*TASK:* Pictures stay out; everything else in the entries below is to be duplicated exactly.

*MATERIAL SHOWN:*
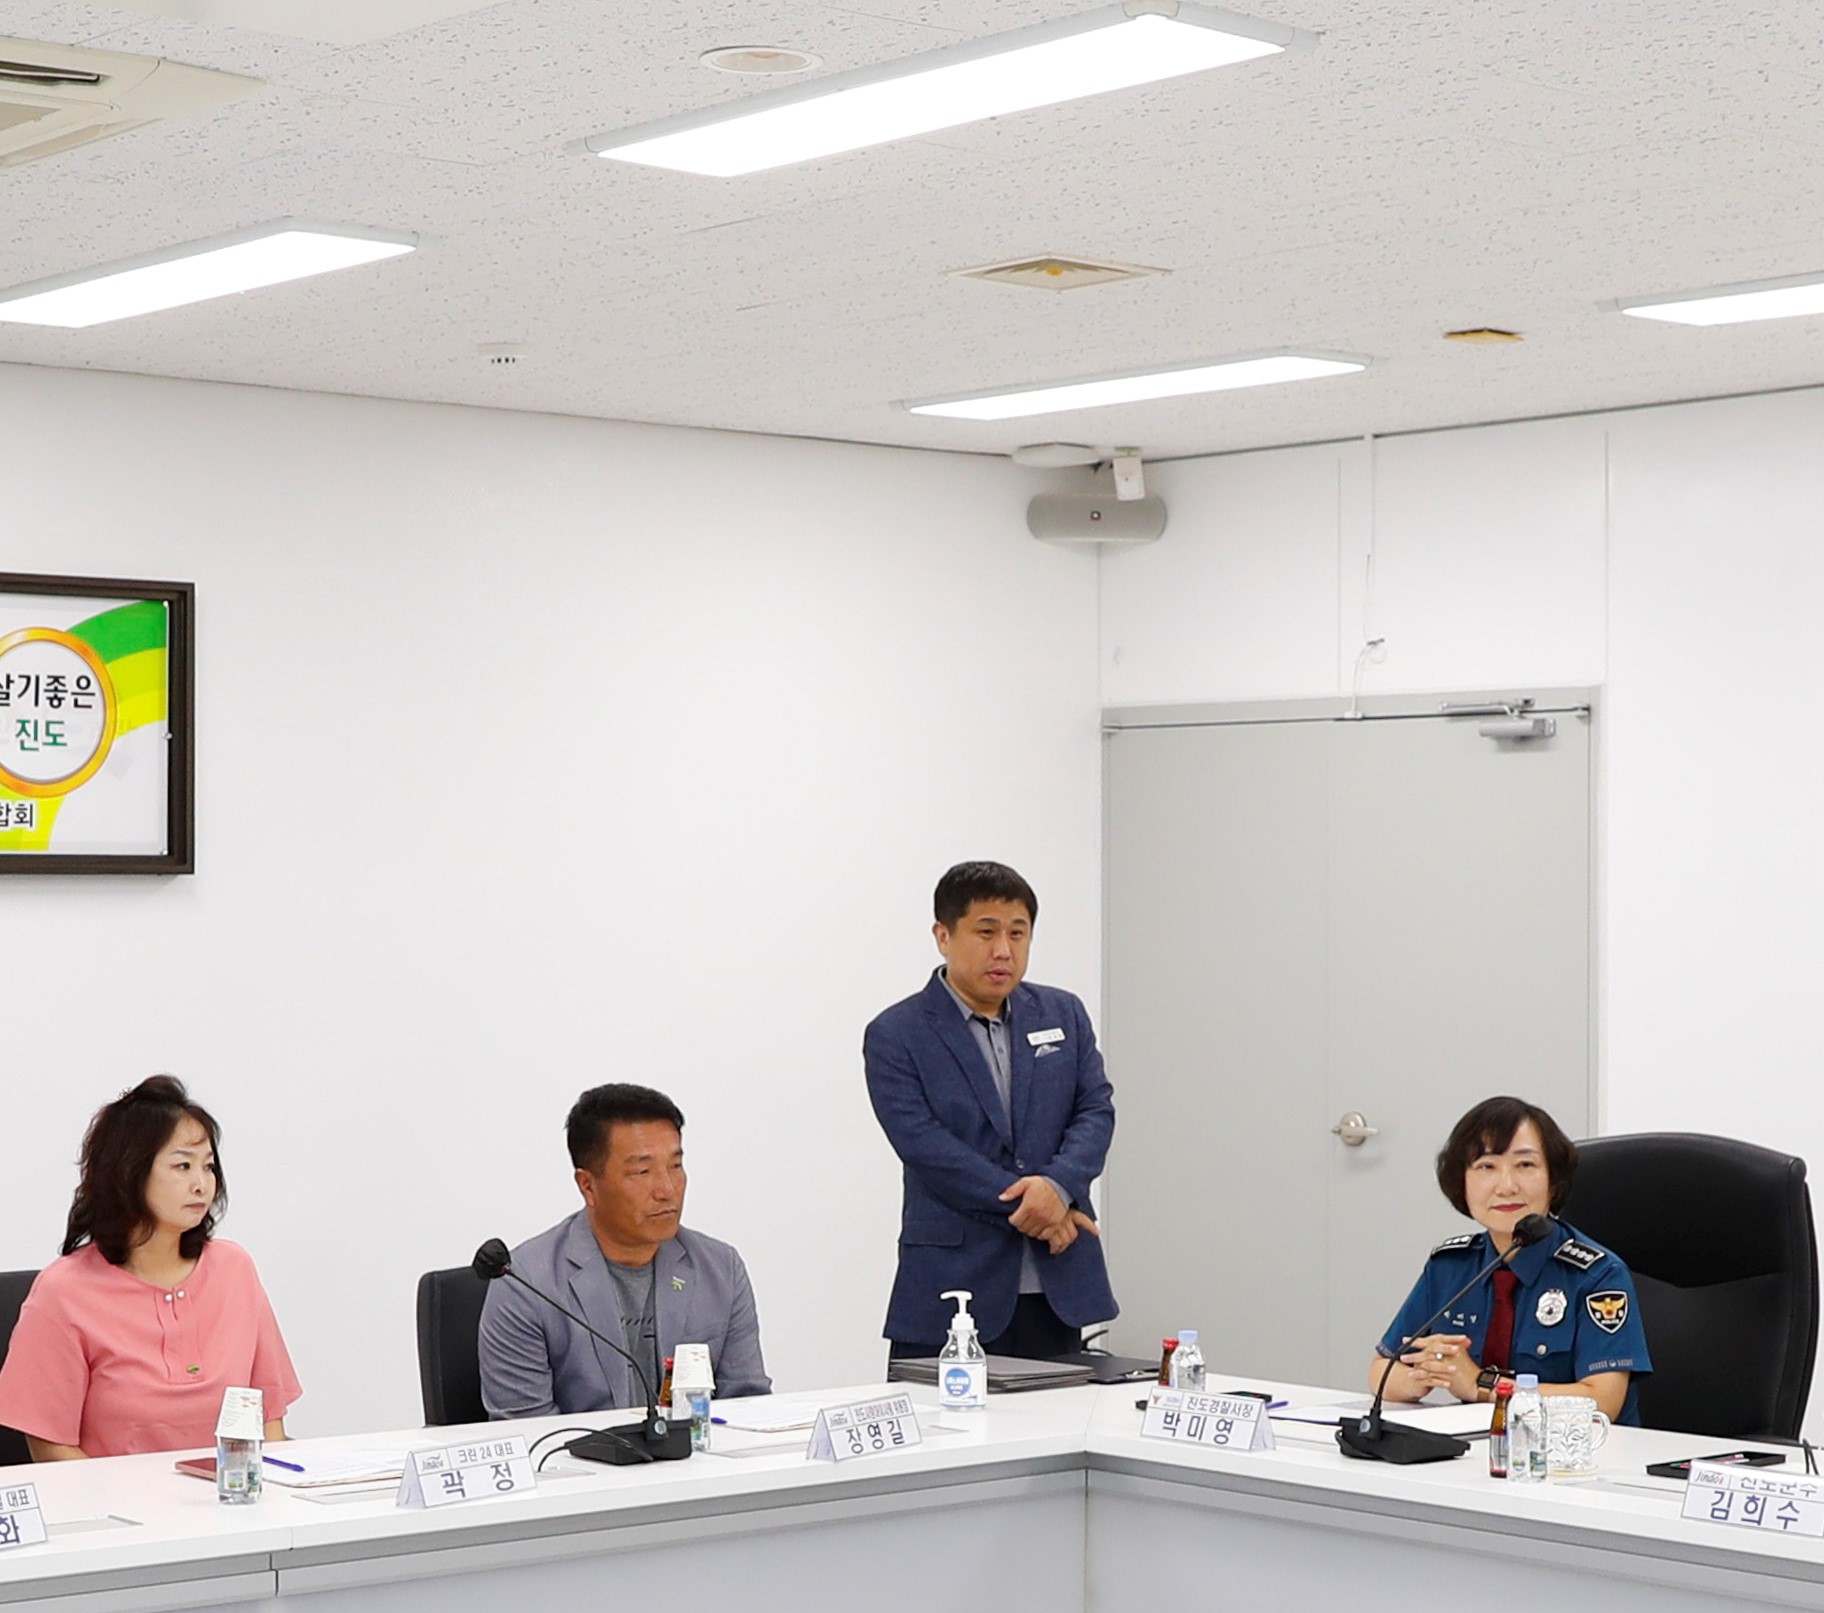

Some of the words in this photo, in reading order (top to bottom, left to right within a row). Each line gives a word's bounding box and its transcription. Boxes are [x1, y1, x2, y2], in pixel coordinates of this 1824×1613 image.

[13, 719, 69, 753] 진도
[1186, 1396, 1254, 1418] 진도경찰서장
[846, 1418, 906, 1455] 장영길
[1162, 1411, 1235, 1446] 박미영
[496, 1442, 515, 1457] 대표
[6, 1489, 30, 1507] 대표
[1710, 1490, 1801, 1530] 김희수

*ANSWER BELOW:*
Some of the words in this photo, in reading order (top to bottom, left to right within a row). Each line gives a word's bounding box and its transcription. Boxes are [x1, y1, x2, y2], in pixel coordinates of this 1824×1613 image.

[13, 719, 69, 753] 진도
[1186, 1396, 1254, 1418] 진도경찰서장
[846, 1418, 906, 1455] 장영길
[1162, 1411, 1235, 1446] 박미영
[496, 1442, 515, 1457] 대표
[6, 1489, 30, 1507] 대표
[1710, 1490, 1801, 1530] 김희수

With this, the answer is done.